Lubiłaś złotą biżuterię, choć ja twierdziłem, że srebrna bardziej podkreślałaby twoje oczy. Po kolejnych miesiącach spędzonych z tobą zrozumiałem, że srebrzyste tęczówki nie potrzebują niczego, co uczyniłoby je wyraźniejszymi. Same w sobie były wystarczająco piękne i nic nie sprawiłoby ich cudowniejszymi.

Zasiedliśmy do stołu. Zjedliśmy tort – kokosowy, twój ulubiony smak. Jak zwykle naszym rozmowom towarzyszył śmiech i przyjazna atmosfera.

Promieniałaś. Tak bardzo cieszyłem się, że z dnia na dzień stawałaś się coraz radośniejsza. Nie sądziłem, że ta skala wciąż może się zwiększać. Rozpoznawałem, kiedy ona ciągle rosła. Rozpoznawałem różne rodzaje szczęścia, które przeżywałaś. Za każdym razem to pozytywne uczucie wyglądało inaczej. Tak samo jak inne wyrażane przez ciebie emocje – gniew, smutek, zaskoczenie, niepokój, zadowolenie, zmęczenie, zawstydzenie.

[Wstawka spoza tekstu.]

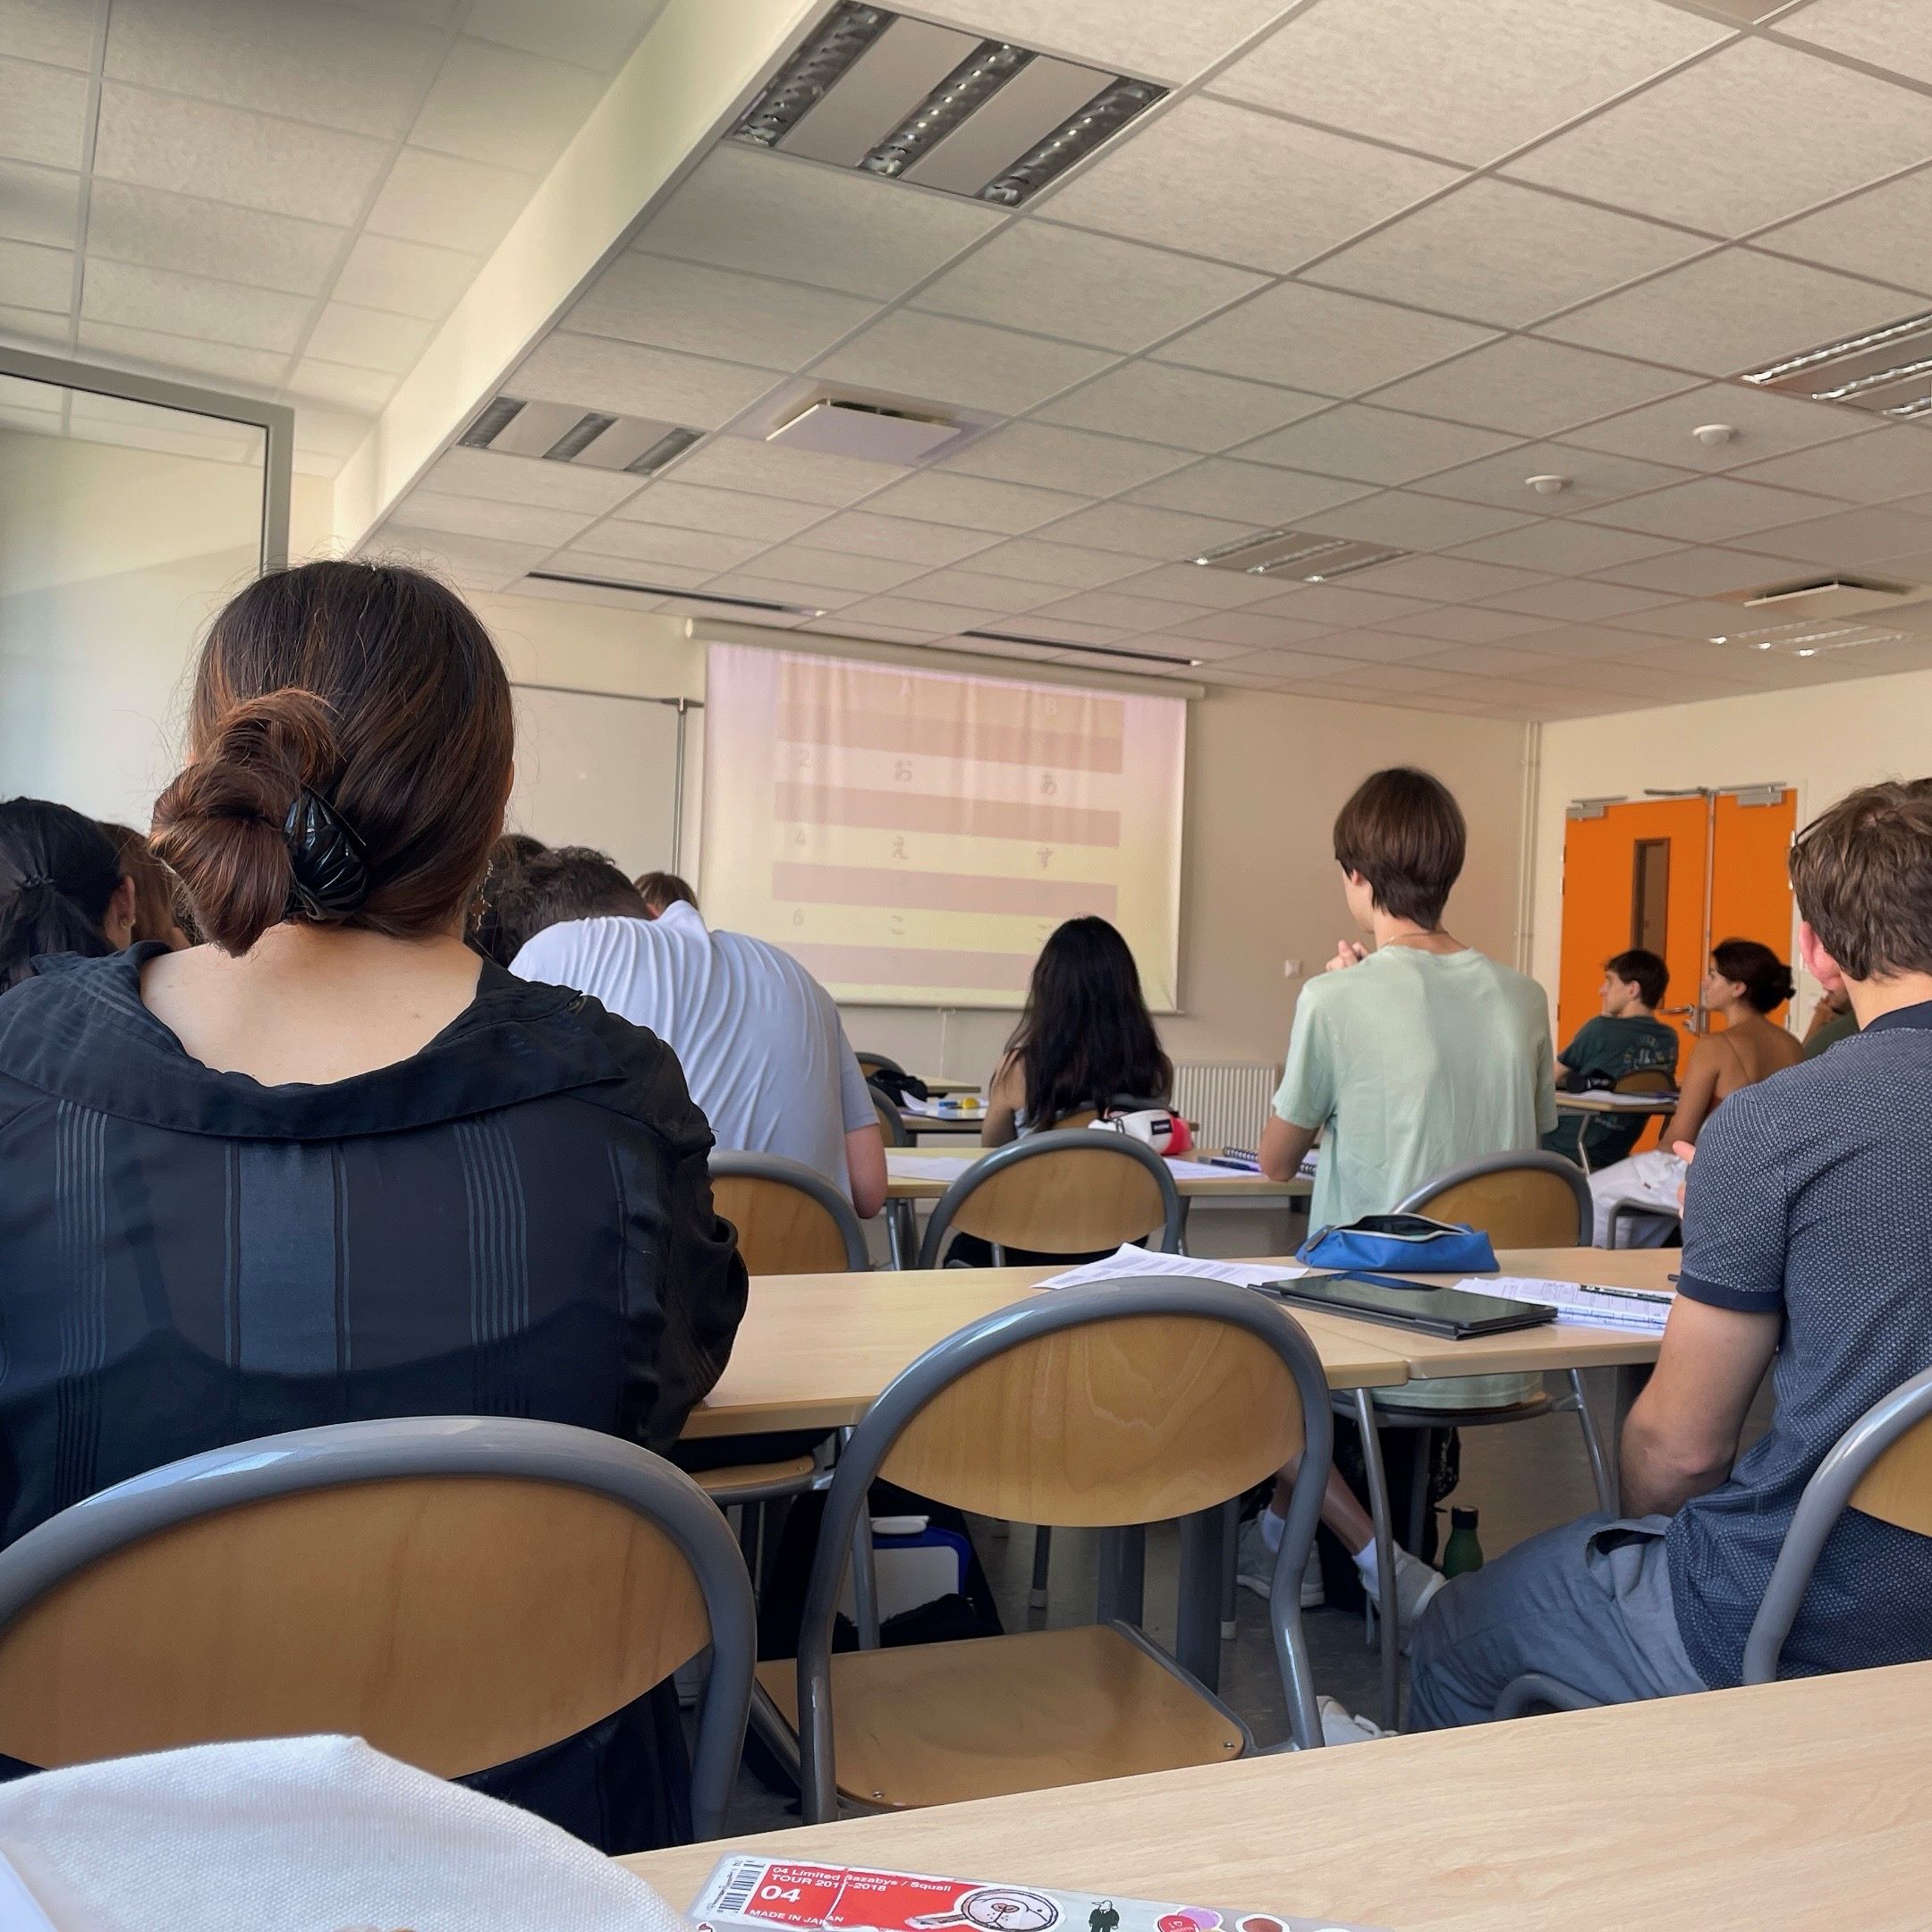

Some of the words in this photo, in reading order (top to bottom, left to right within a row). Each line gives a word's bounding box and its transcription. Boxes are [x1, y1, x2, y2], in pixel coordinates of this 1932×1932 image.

Tylko twoja miłość do mnie była ciągle taka sama. Największa. Zapewniałaś mnie o tym nie tylko słownie. Widziałem to po tobie. W sposobie, jakim na mnie patrzyłaś, jak gładziłaś mnie po policzku, ściskałaś dłoń, przeczesywałaś moje włosy. W gestach, które czyniłaś. Myślisz, że tego nie wychwytywałem? Głupie kupienie mego ulubionego batonika odbierałem jako wyznanie mi miłości. Zabieranie kurtki na wszelki wypadek, gdy myślałem, że na zewnątrz wcale nie jest zimno, przypominanie mi o ważnych rzeczach, życzenie powodzenia na zawodach, mówienie, żebym bezpiecznie do ciebie wrócił. Każda twoja wiadomość, kiedy dzieliła nas odległość, sprawiała, że czułem się przez ciebie kochany. Samo twoje spojrzenie utwierdzało mnie w przekonaniu, że kochasz mnie ponad całe swoje życie.